False-negative tests
The EIA/card tests can be falsely-negative in very early HIV
infection, for the first 4-12 weeks of infection. For example, patients with
the acute HIV infection syndrome frequently have negative antibody tests. After
this "window" period, false-negative tests in patients with HIV-1
infection are exceedingly rare. Patients with HIV type O infections may have
negative EIA tests, although many HIV-1/HIV-2 EIAs detect a variable number
of such patients; infections with this HIV type are very rare in the US. Patients
who don't make antibody, due to immunosuppression or intrinsic humoral immune
defects, may have negative assays. An unusual cause of false-negative tests
is massive transfusion before testing. Not all test kits are known to detect
HIV-2 antibodies; the Abbott assay used at HUP is known to detect these antibodies.

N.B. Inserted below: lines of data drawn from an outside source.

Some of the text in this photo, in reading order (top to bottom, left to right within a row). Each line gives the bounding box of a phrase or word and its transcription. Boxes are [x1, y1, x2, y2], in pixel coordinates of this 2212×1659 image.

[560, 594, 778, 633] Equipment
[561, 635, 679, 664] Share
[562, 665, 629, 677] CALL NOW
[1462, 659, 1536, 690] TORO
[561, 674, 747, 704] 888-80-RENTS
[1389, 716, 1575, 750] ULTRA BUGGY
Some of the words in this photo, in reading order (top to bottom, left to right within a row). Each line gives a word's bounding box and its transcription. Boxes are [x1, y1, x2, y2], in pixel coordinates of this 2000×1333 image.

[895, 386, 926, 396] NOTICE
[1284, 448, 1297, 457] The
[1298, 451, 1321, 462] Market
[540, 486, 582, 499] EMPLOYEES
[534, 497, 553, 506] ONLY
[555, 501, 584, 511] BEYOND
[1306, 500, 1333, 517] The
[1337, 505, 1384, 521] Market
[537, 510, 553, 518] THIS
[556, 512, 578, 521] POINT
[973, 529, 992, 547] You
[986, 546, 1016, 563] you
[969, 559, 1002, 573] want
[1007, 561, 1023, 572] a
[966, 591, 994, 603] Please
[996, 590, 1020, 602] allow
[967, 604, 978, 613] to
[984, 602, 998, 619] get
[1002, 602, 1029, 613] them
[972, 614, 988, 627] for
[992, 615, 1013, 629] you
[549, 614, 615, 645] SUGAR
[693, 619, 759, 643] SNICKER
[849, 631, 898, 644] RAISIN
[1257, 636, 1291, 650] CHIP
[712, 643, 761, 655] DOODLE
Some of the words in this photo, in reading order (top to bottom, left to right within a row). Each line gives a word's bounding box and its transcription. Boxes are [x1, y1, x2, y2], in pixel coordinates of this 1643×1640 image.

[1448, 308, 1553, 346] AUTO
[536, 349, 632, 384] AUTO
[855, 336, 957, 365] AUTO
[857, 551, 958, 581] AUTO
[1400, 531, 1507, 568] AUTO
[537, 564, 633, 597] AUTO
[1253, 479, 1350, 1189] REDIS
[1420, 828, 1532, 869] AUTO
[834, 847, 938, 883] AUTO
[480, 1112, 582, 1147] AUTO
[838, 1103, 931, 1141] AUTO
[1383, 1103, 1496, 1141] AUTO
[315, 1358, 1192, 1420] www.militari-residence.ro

Technical errors can result in false-negative tests, as can glove powder.
Immunoblot tests can be falsely-negative in early HIV disease,
usually with indeterminate rather than negative results (that is after the EIA
test has become positive). Patients with HIV-2 infection can also have false-negative
immunoblots, although as stated above there is often cross-reaction with some
HIV-1 antigens resulting in a stereotypical pattern. If you have a EIA-positive,
immunblot negative or indeterminate, patient who may have acquired HIV infection
in West Africa, or from a West African, call the laboratory to ask about sending
the serum for a HIV-2 blot. Also, if you have a West African patient with immunodeficiency
disease and negative EIA/blot, call the laboratory to inquire about HIV type
O testing.
Depending on the clinical circumstances, there are several options
available when a HIV test is negative, and there is a high pre-test probability
of disease. One option is to repeat the test one to three months later. If the
patient is suspected of having early HIV infection, and the EIA is positive
and immunoblot indeterminate, then repeating the immunoblot with serum collected
2 to 4 weeks later usually results in a positive immunoblot if the patient truly
has HIV infection. Repeat serologic testing is recommended in all cases of EIA-positive,
blot-indeterminate results, 1 to 3 months later. If the immunoblot remains indeterminate
after 3 to 6 months, then it is very unlikely that it will become positive in
the future absent new infection. Molecular methods are better for diagnosing
the acute HIV syndrome, in particular viral quantitation - as the viral load
should be quite high in this setting.